Recorded data
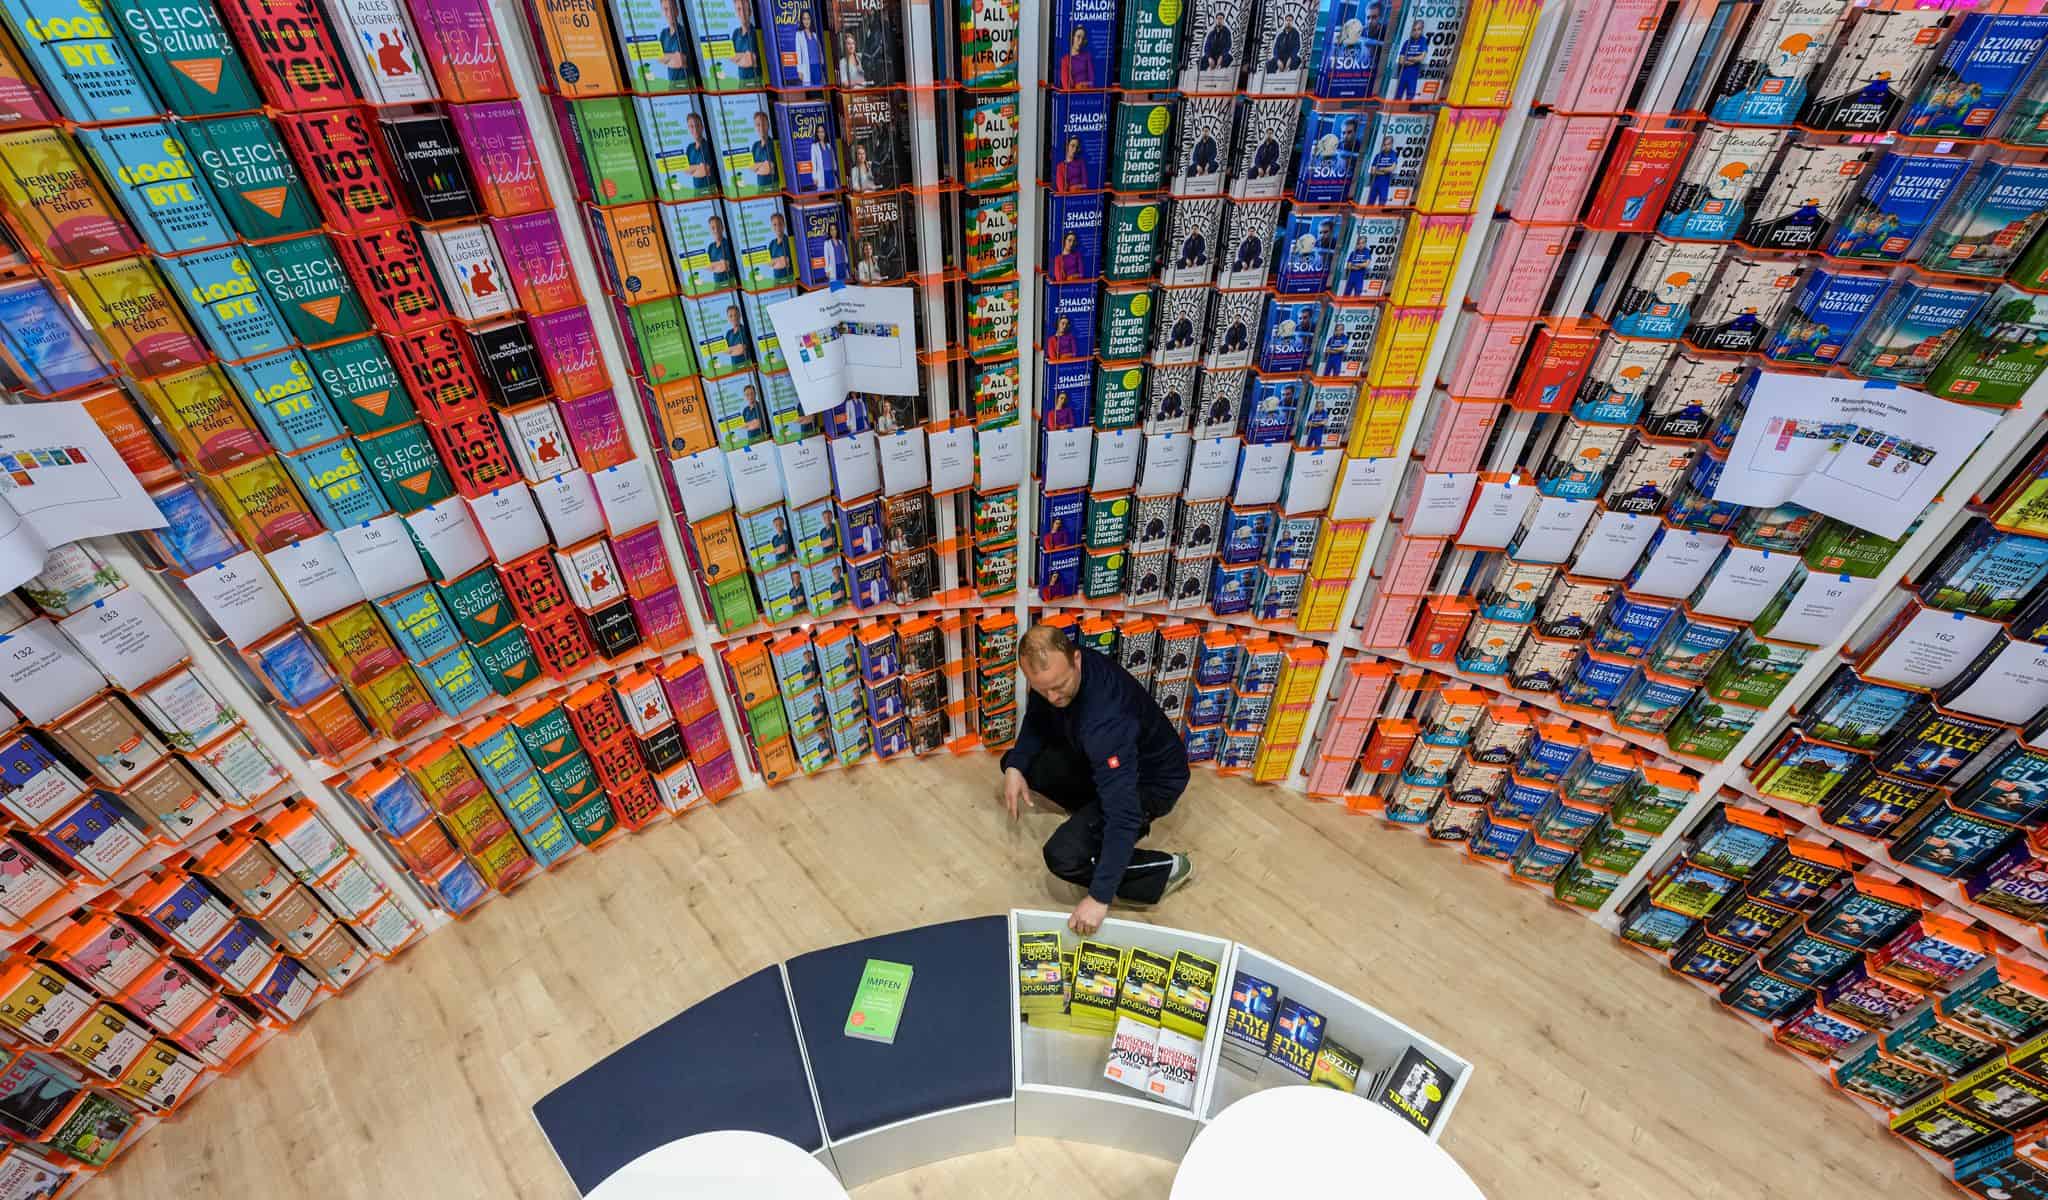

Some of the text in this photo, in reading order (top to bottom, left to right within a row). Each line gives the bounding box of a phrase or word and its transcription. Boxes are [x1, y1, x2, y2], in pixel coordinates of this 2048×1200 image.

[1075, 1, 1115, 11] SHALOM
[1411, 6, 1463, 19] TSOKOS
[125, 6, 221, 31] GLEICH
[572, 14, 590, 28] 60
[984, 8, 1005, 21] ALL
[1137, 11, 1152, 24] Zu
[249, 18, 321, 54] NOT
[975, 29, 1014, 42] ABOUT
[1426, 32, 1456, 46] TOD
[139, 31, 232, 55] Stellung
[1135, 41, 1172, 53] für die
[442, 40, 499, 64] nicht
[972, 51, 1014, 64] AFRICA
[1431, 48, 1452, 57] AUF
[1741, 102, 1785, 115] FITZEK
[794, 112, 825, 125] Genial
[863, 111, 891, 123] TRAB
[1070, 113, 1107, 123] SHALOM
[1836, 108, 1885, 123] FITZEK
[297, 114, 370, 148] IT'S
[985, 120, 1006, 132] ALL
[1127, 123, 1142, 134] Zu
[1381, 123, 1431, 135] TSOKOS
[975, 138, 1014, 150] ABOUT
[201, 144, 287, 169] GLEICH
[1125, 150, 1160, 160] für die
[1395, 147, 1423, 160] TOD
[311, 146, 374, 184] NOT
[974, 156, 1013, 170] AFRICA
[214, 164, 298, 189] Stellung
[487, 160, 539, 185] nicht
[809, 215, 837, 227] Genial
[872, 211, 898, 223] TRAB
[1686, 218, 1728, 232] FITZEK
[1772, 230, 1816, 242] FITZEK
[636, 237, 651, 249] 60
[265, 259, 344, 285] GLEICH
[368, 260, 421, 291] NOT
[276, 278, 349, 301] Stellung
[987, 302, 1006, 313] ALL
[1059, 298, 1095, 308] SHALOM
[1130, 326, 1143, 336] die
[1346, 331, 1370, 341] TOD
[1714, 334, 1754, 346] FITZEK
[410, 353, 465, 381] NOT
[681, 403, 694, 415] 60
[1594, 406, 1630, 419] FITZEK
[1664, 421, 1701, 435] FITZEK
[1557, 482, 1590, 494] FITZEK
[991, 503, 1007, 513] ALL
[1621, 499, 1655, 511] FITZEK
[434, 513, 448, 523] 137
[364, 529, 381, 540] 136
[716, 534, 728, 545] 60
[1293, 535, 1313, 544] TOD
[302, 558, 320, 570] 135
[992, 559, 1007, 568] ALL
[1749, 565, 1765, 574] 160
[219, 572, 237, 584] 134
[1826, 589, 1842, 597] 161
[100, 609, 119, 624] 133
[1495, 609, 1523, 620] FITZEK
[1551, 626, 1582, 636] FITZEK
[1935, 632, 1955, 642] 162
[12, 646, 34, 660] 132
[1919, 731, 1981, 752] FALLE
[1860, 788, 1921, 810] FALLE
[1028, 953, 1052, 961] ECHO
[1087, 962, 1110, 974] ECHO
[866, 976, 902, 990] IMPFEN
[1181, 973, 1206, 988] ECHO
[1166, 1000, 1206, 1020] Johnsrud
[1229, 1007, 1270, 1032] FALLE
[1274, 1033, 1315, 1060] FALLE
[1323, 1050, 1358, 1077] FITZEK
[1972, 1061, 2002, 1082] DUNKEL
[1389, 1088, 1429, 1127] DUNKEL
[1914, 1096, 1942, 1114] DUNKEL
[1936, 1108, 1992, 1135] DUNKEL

What the exercise asks
Return every line above in which the string "FALLE" occurs.

Answer area
[1919, 731, 1981, 752] FALLE
[1860, 788, 1921, 810] FALLE
[1229, 1007, 1270, 1032] FALLE
[1274, 1033, 1315, 1060] FALLE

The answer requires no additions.